The study of Black Americans’ experience with news raises important questions for a news industry struggling to maintain trust, increase newsroom diversity and broaden coverage.
Pew’s report also paints a complex picture. While there’s much consensus that the news industry falls short covering Black people, perspective on news coverage varies between Black Americans who do and don’t have college degrees, are wealthy or not, and are Republicans or Democrats.
“Across education and income levels, however, Black adults are less in agreement about news coverage of Black people,” the report states. “While these groups are much more negative than positive in their views of news coverage of Black people, those with more formal education and higher incomes tend to be particularly negative.”
In the survey of nearly 5,000 Black adults, nearly two-thirds (63%) said news about Black people is often more negative than news about other racial and ethnic groups. Another 28% said it’s about equal and 7% said it’s often more positive.
Forty-three percent said the news “largely stereotypes Black people,” 11% said it largely does not and 43% said these things happen equally.
The findings also provide insight into what makes news trustworthy for Black adults. In assessing a news story’s credibility, “relatively few” — 15% — said it’s extremely or very important that a journalist be Black. More gauge credibility by the sources cited (53%), whether it is reported by multiple outlets (50%) and the news outlet itself (46%).
Asked about ways to improve the news, 76% of Black Americans said it’s extremely or very important for the news to cover all sides of an issue and 73% said it’s extremely or very important for journalists to understand the history of issues in the story. Journalists personally engaging with people was of high importance to 59% of respondents.
Another 48% said it’s extremely or very important for journalists to advocate for Black people.
The survey did not distinguish between print and broadcast outlets, so many of the findings relate to “the news” broadly. Other surveys find trust in newspapers remains higher than television, though overall trust in news media plunged in recent years.
Pew found Black Americans’ trust in the accuracy of news was higher with local than national news outlets (48% to 44%). That’s higher than trust in news from friends, family and acquaintances (35%) and social media (18%).
Local news was the most frequent source of news for Black Americans, with 41% saying that’s where they get news extremely or fairly often. National news as the most frequent source for 35% and social media for 35%.
Pew found that just 14% of Black Americans believe it’s extremely or very important for news, regardless of topic, to come from Black journalists. More — 40% — said it’s very important to have Black journalists cover race and inequality issues.

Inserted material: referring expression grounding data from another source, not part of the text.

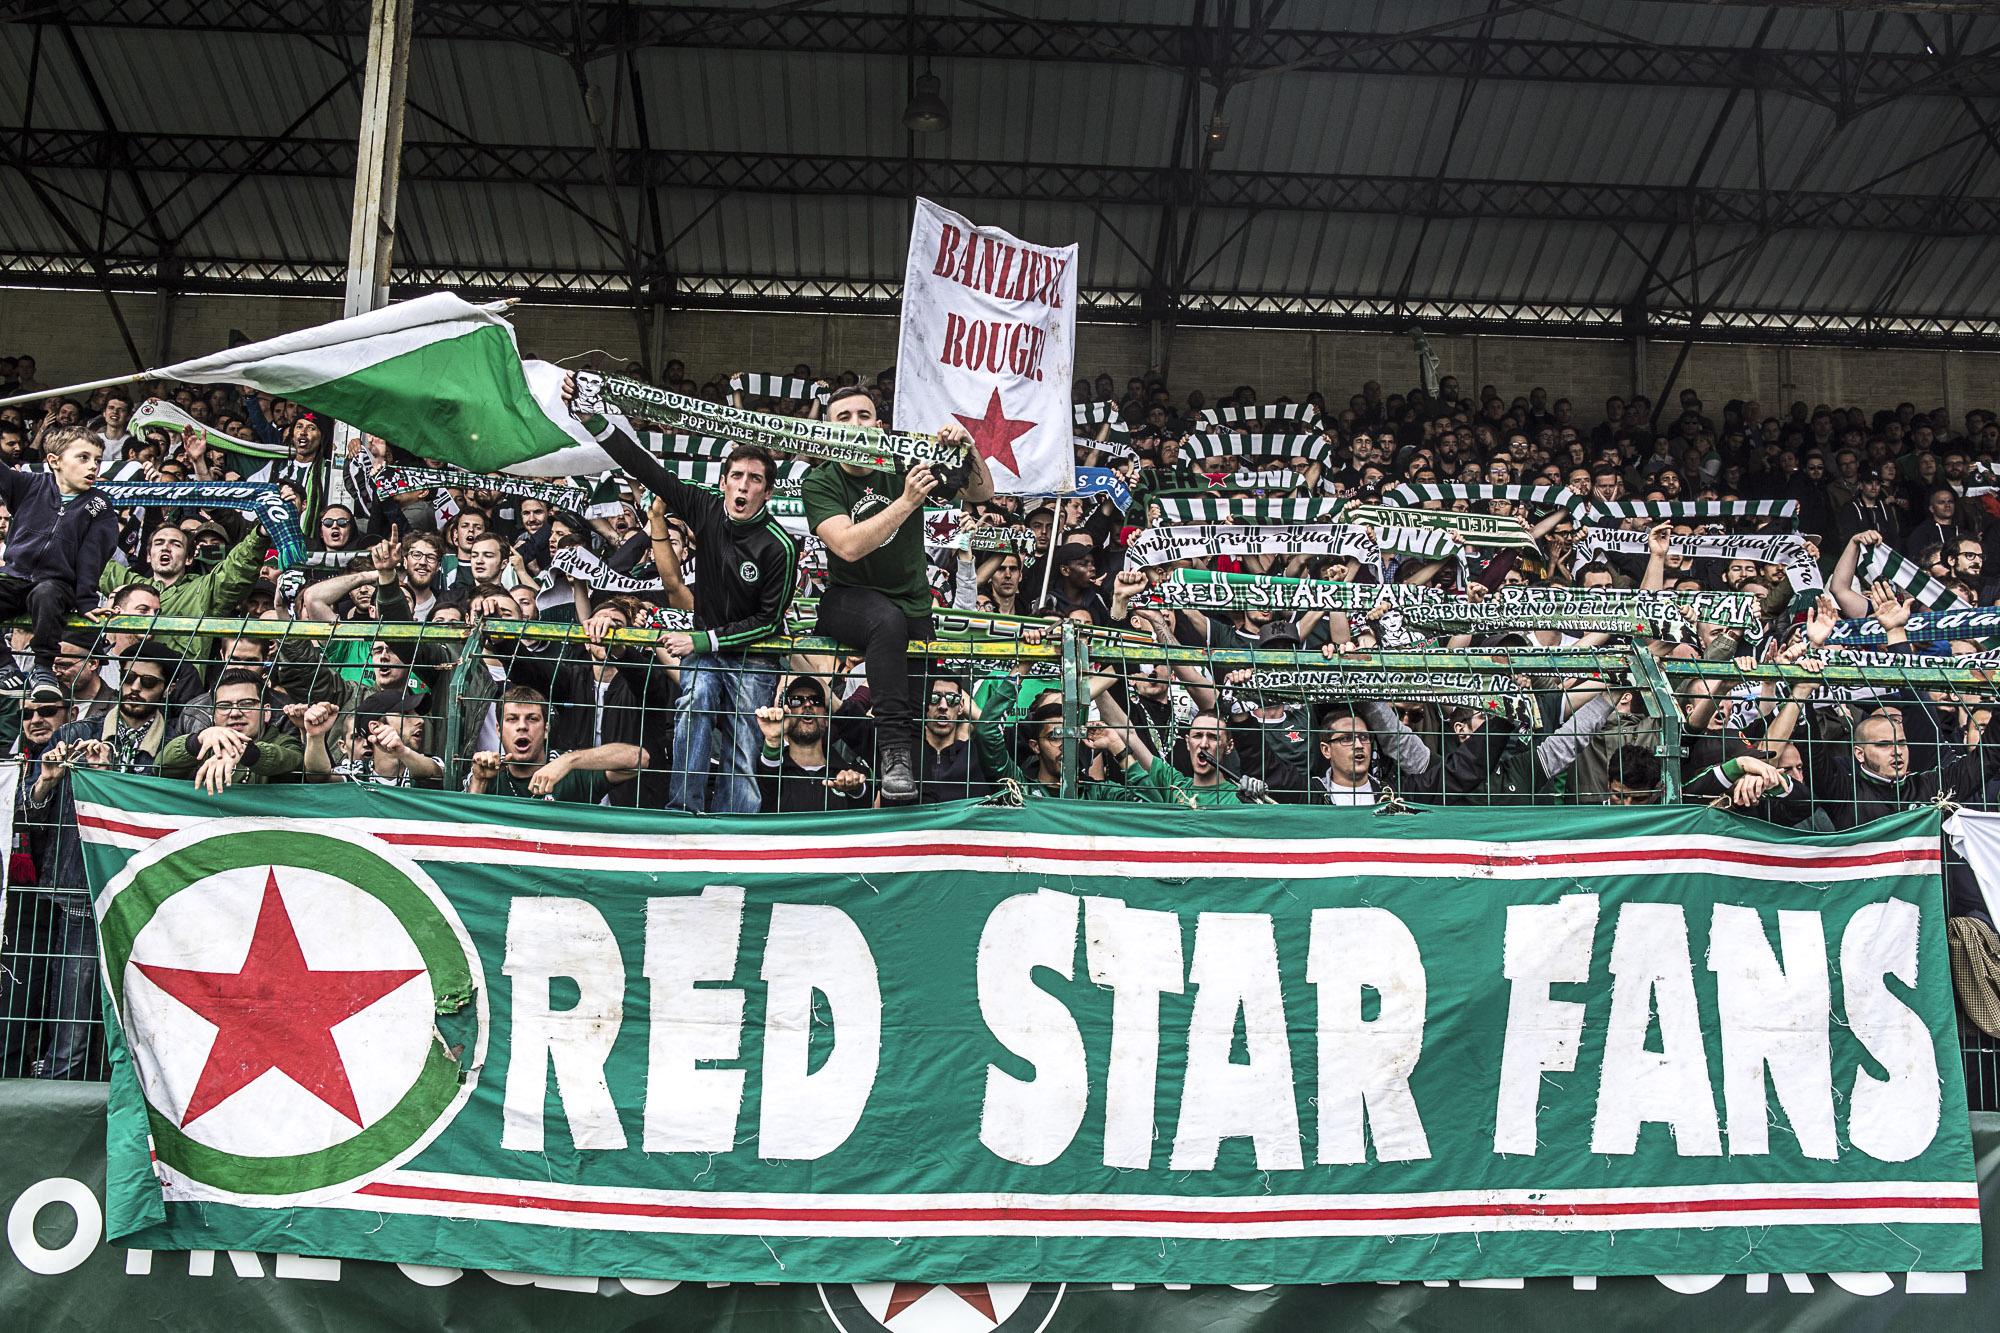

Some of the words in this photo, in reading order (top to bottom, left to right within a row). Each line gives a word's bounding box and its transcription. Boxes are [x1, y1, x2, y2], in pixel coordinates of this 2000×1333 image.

[607, 378, 716, 417] TRIBUNE
[878, 434, 964, 468] NEGRA
[680, 413, 754, 440] POPULAIRE
[757, 432, 776, 445] ET
[779, 436, 871, 464] ANTIRACISTE
[1587, 527, 1648, 545] ribune
[1161, 583, 1236, 606] RED
[1247, 583, 1344, 608] STAR
[1404, 601, 1499, 624] TRIBUNE
[1502, 601, 1557, 618] RINO
[1562, 601, 1629, 617] DELLA
[1635, 601, 1682, 621] NEG
[1537, 621, 1553, 631] ET
[1556, 619, 1633, 633] ANTIRACISTE
[1858, 617, 1930, 636] as
[1411, 672, 1485, 691] DELLA
[501, 885, 883, 1161] RED
[976, 887, 1433, 1171] STAR
[1493, 893, 1943, 1164] FANS

Similarly, 44% said Black journalists are better at understanding them and 45% said Black journalists are better at covering race issues. Half of respondents (50% and 49%) said other reporters are “about the same” in this regard, and 5% said Black journalists are worse.

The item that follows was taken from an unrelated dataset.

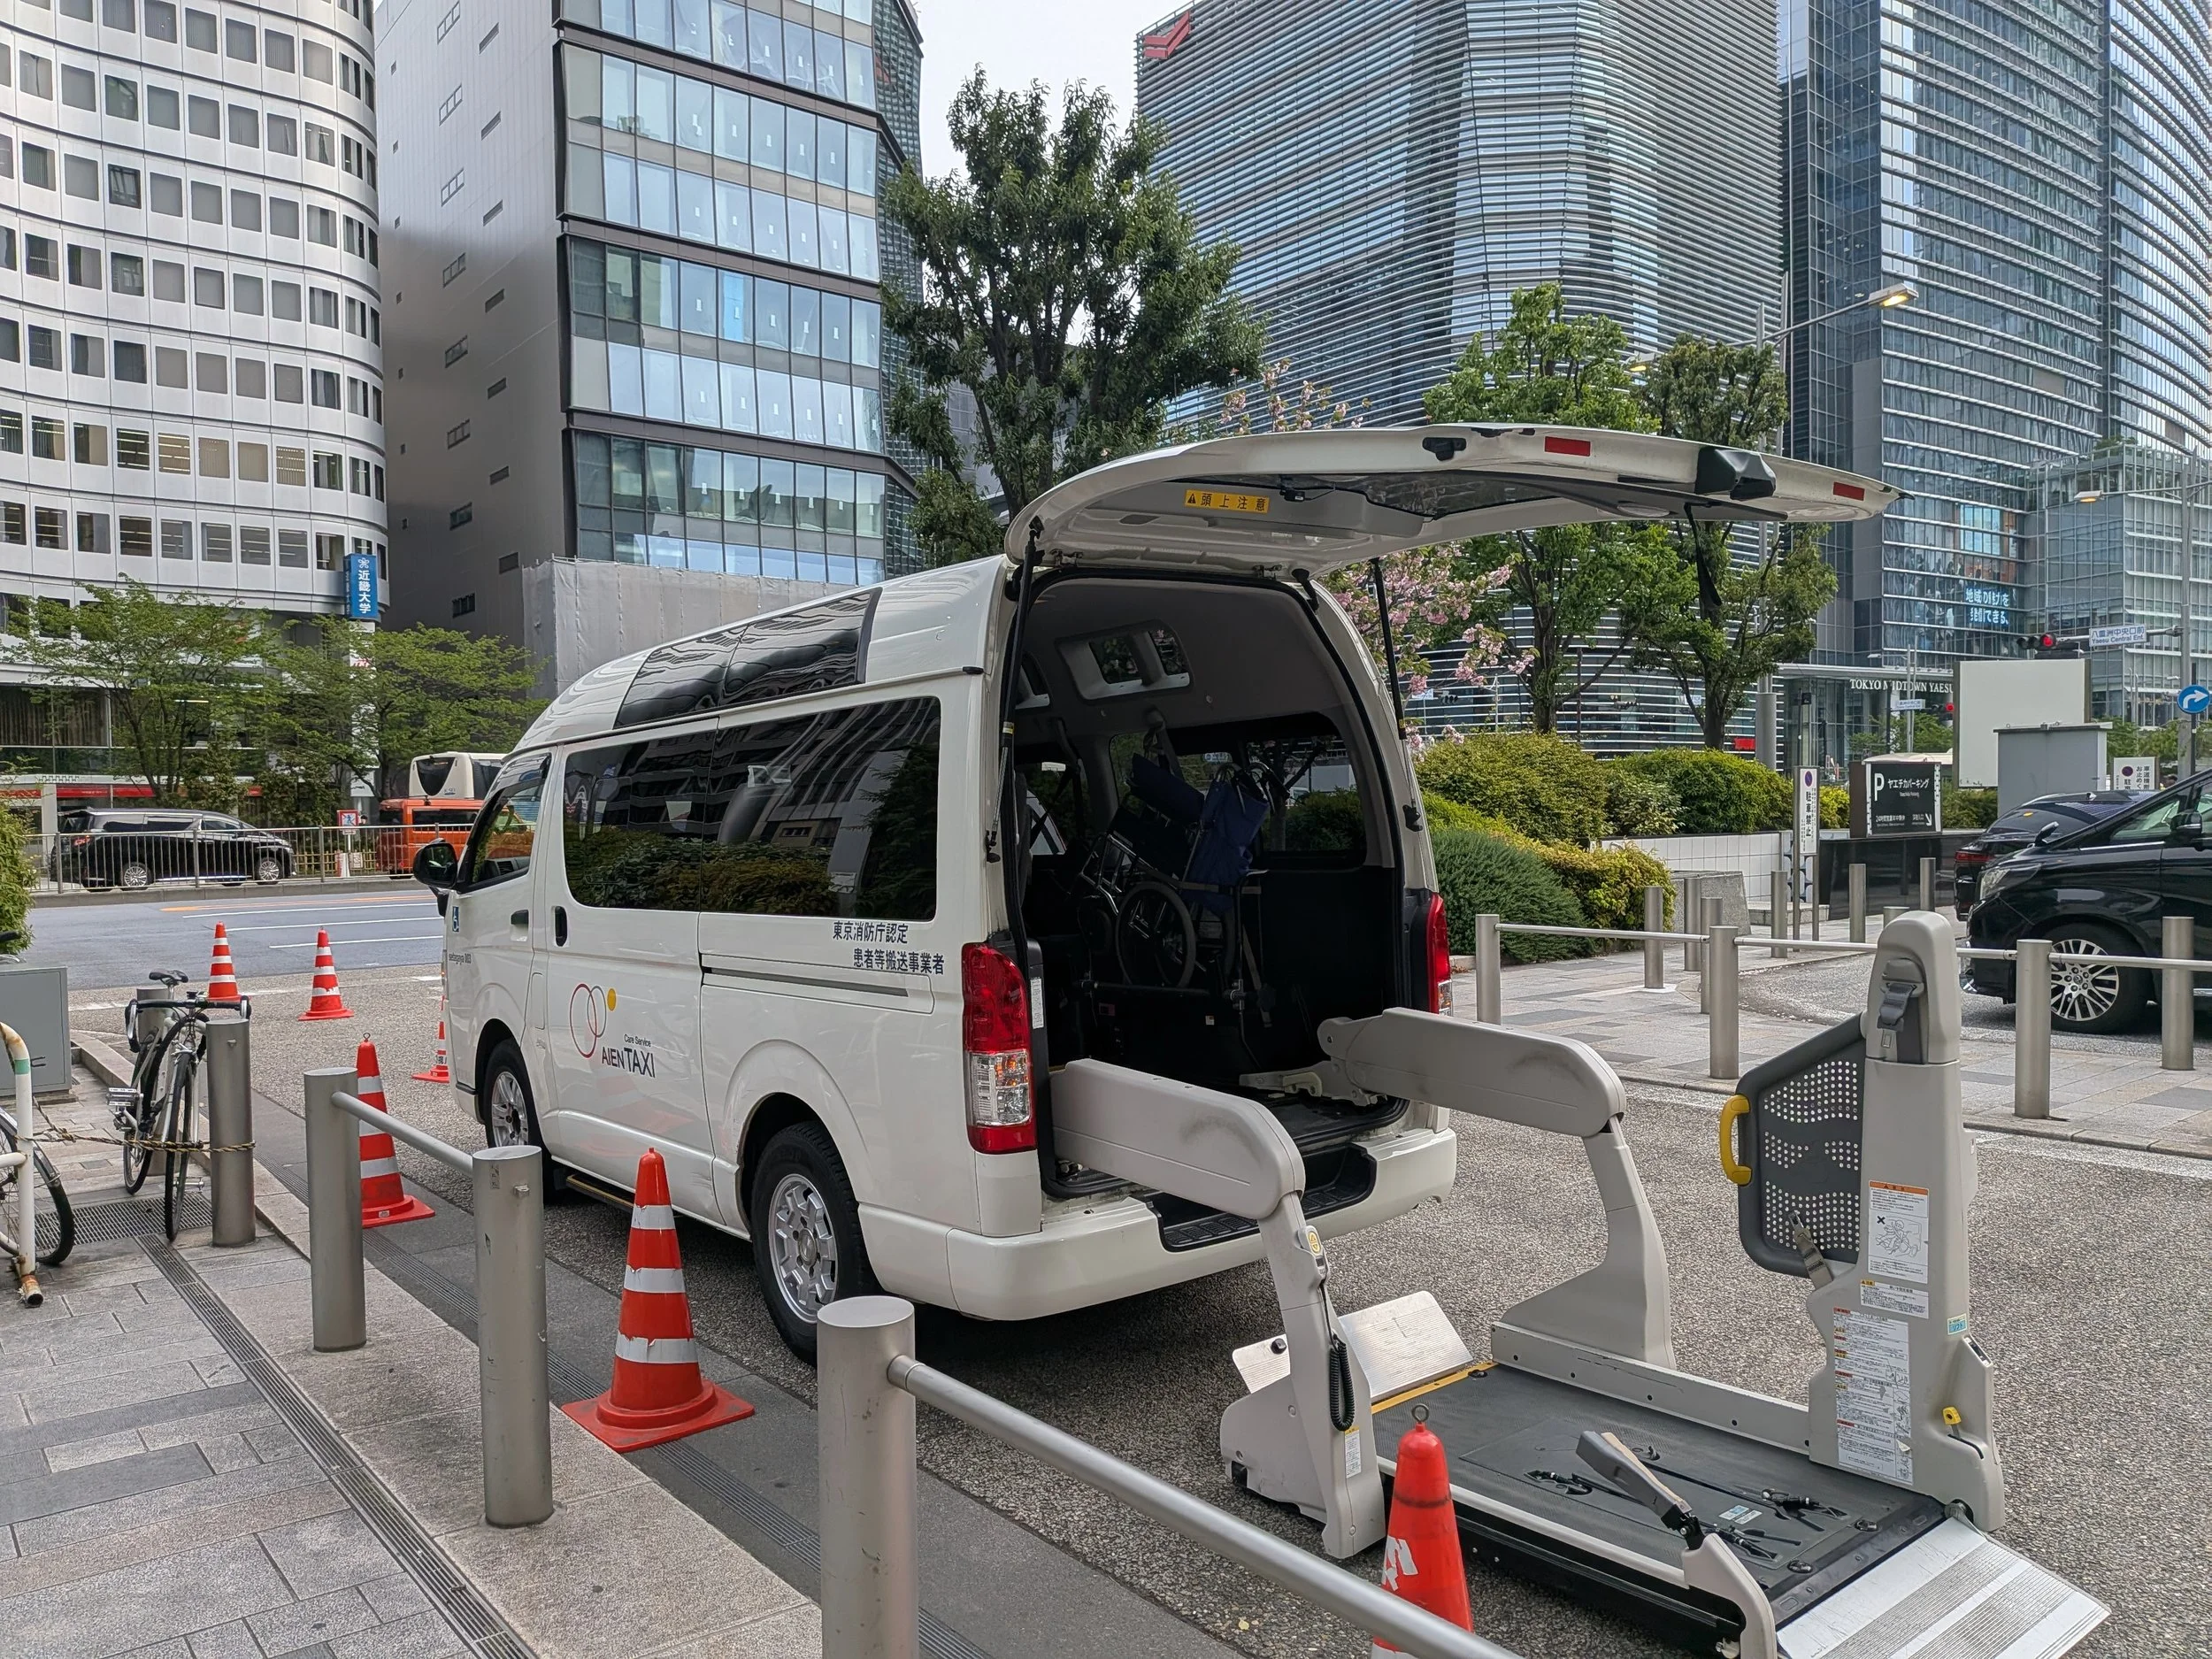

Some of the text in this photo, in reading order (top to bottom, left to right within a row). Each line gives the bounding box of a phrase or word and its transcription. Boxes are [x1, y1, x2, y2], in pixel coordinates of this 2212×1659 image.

The latter views vary by age, with 54% of young adults aged 18 to 29 saying Black journalists are better than other journalists at covering race and inequality issues. Less than half of older Black adults feel this way, including just 37% of those aged 65 and older.
Streaming spend: Consumers spent an average of $170 per month on streaming video services over the last six months, according to a report by TiVo.
That’s down a bit from late 2022, when the average spend on video services was $189. But streaming video consumption isn’t slowing, with usage jumping from 4.4 hours a day to 4.7 in the second quarter of 2023.
No wonder thousands of newspapers closed over the last 15 years and less than 40% of Americans can name their city’s mayor.
Whether remaining newspapers thrive as they move online is an open question when people are spending so much of their discretionary dollars and time watching more and more movies, TV shows and short videos.
Press update: There is still no taker for the free printing press offered by the Seattle Daily Journal of Commerce. Publisher Phil Brown reports that talks with Colorado news organizations haven’t progressed and the machine is still available to an interested newspaper.